§ **What you should do**:
All entries are to be printed again exactly, with their images omitted.

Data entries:
------------------------------
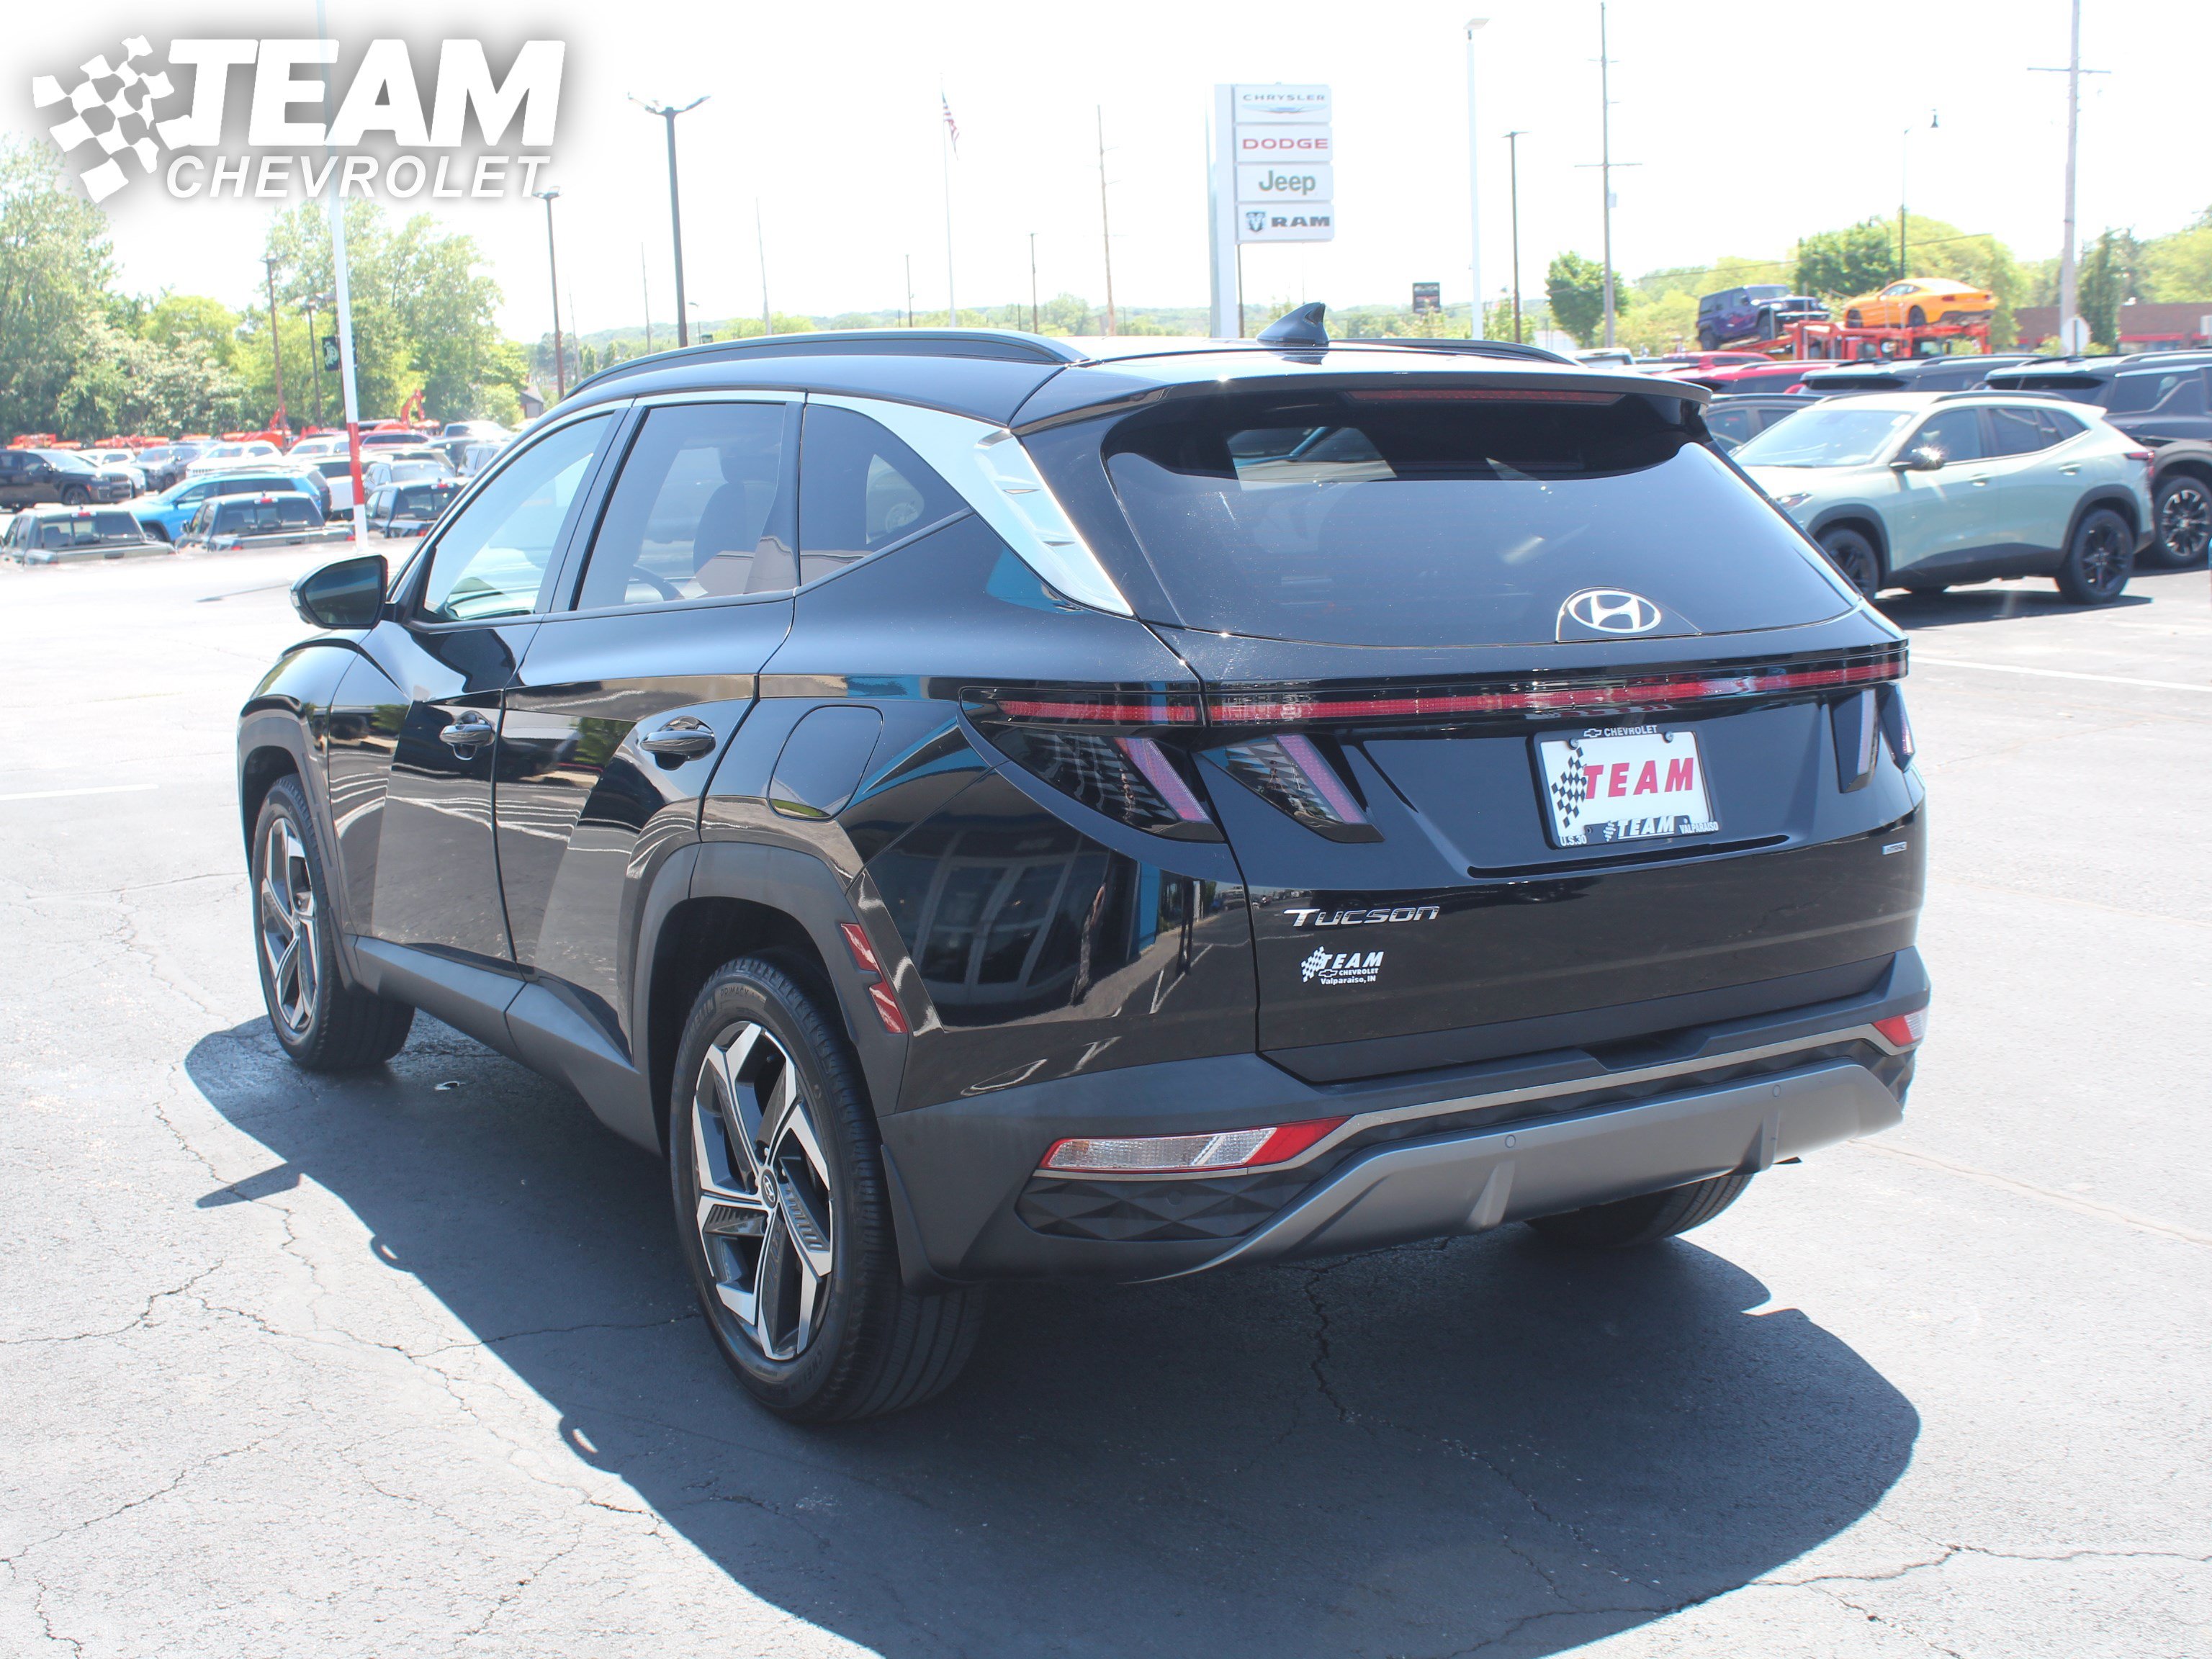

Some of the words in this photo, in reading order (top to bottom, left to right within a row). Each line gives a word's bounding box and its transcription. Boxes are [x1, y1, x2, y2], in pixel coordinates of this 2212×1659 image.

[1243, 139, 1328, 149] DODGE
[1259, 170, 1316, 196] Jeep
[1271, 217, 1330, 227] RAM
[1603, 725, 1658, 737] CHEVROLET
[1583, 757, 1694, 799] TEAM
[1617, 815, 1675, 837] TEAM
[1679, 822, 1719, 834] VALPARAISO
[1318, 951, 1384, 969] TEAM
[1320, 976, 1367, 985] Valparaiso,
------------------------------
§ **Answer to this problem**:
Some of the words in this photo, in reading order (top to bottom, left to right within a row). Each line gives a word's bounding box and its transcription. Boxes are [x1, y1, x2, y2], in pixel coordinates of this 2212×1659 image.

[1243, 139, 1328, 149] DODGE
[1259, 170, 1316, 196] Jeep
[1271, 217, 1330, 227] RAM
[1603, 725, 1658, 737] CHEVROLET
[1583, 757, 1694, 799] TEAM
[1617, 815, 1675, 837] TEAM
[1679, 822, 1719, 834] VALPARAISO
[1318, 951, 1384, 969] TEAM
[1320, 976, 1367, 985] Valparaiso,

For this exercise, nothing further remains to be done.